[Exercise]
The data must be copied over exactly and in full.

Start of Block

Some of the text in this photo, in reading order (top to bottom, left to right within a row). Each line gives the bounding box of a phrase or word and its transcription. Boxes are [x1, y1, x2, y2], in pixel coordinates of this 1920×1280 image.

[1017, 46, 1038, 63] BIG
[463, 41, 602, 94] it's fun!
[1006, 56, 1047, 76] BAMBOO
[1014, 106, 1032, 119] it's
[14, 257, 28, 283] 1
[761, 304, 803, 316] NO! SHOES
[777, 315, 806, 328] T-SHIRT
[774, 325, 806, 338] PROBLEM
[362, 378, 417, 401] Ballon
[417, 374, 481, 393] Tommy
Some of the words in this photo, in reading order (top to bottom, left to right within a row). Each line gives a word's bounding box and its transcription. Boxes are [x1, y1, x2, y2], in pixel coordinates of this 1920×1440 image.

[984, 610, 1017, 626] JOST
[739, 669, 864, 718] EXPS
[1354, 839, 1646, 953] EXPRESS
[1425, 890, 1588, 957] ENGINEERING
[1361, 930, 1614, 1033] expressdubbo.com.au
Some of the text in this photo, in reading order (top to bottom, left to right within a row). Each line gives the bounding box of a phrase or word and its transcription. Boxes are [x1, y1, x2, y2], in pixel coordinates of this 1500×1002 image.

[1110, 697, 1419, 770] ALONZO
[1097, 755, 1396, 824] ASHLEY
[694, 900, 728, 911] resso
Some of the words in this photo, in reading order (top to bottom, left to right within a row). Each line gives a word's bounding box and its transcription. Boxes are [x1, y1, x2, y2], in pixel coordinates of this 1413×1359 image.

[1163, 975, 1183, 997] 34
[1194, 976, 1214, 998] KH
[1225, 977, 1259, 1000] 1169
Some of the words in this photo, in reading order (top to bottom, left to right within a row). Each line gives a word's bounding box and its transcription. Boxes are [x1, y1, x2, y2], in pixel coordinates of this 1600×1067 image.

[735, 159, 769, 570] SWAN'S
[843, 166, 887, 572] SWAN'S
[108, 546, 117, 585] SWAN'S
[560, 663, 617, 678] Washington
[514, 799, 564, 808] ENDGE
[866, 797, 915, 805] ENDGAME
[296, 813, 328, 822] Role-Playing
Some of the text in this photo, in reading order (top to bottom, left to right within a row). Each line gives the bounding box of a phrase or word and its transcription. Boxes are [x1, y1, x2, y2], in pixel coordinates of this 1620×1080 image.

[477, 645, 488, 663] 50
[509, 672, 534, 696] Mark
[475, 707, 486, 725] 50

End of Block

[Response below]
Some of the text in this photo, in reading order (top to bottom, left to right within a row). Each line gives the bounding box of a phrase or word and its transcription. Boxes are [x1, y1, x2, y2], in pixel coordinates of this 1920×1280 image.

[1017, 46, 1038, 63] BIG
[463, 41, 602, 94] it's fun!
[1006, 56, 1047, 76] BAMBOO
[1014, 106, 1032, 119] it's
[14, 257, 28, 283] 1
[761, 304, 803, 316] NO! SHOES
[777, 315, 806, 328] T-SHIRT
[774, 325, 806, 338] PROBLEM
[362, 378, 417, 401] Ballon
[417, 374, 481, 393] Tommy
Some of the words in this photo, in reading order (top to bottom, left to right within a row). Each line gives a word's bounding box and its transcription. Boxes are [x1, y1, x2, y2], in pixel coordinates of this 1920×1440 image.

[984, 610, 1017, 626] JOST
[739, 669, 864, 718] EXPS
[1354, 839, 1646, 953] EXPRESS
[1425, 890, 1588, 957] ENGINEERING
[1361, 930, 1614, 1033] expressdubbo.com.au
Some of the text in this photo, in reading order (top to bottom, left to right within a row). Each line gives the bounding box of a phrase or word and its transcription. Boxes are [x1, y1, x2, y2], in pixel coordinates of this 1500×1002 image.

[1110, 697, 1419, 770] ALONZO
[1097, 755, 1396, 824] ASHLEY
[694, 900, 728, 911] resso
Some of the words in this photo, in reading order (top to bottom, left to right within a row). Each line gives a word's bounding box and its transcription. Boxes are [x1, y1, x2, y2], in pixel coordinates of this 1413×1359 image.

[1163, 975, 1183, 997] 34
[1194, 976, 1214, 998] KH
[1225, 977, 1259, 1000] 1169
Some of the words in this photo, in reading order (top to bottom, left to right within a row). Each line gives a word's bounding box and its transcription. Boxes are [x1, y1, x2, y2], in pixel coordinates of this 1600×1067 image.

[735, 159, 769, 570] SWAN'S
[843, 166, 887, 572] SWAN'S
[108, 546, 117, 585] SWAN'S
[560, 663, 617, 678] Washington
[514, 799, 564, 808] ENDGE
[866, 797, 915, 805] ENDGAME
[296, 813, 328, 822] Role-Playing
Some of the text in this photo, in reading order (top to bottom, left to right within a row). Each line gives the bounding box of a phrase or word and its transcription. Boxes are [x1, y1, x2, y2], in pixel coordinates of this 1620×1080 image.

[477, 645, 488, 663] 50
[509, 672, 534, 696] Mark
[475, 707, 486, 725] 50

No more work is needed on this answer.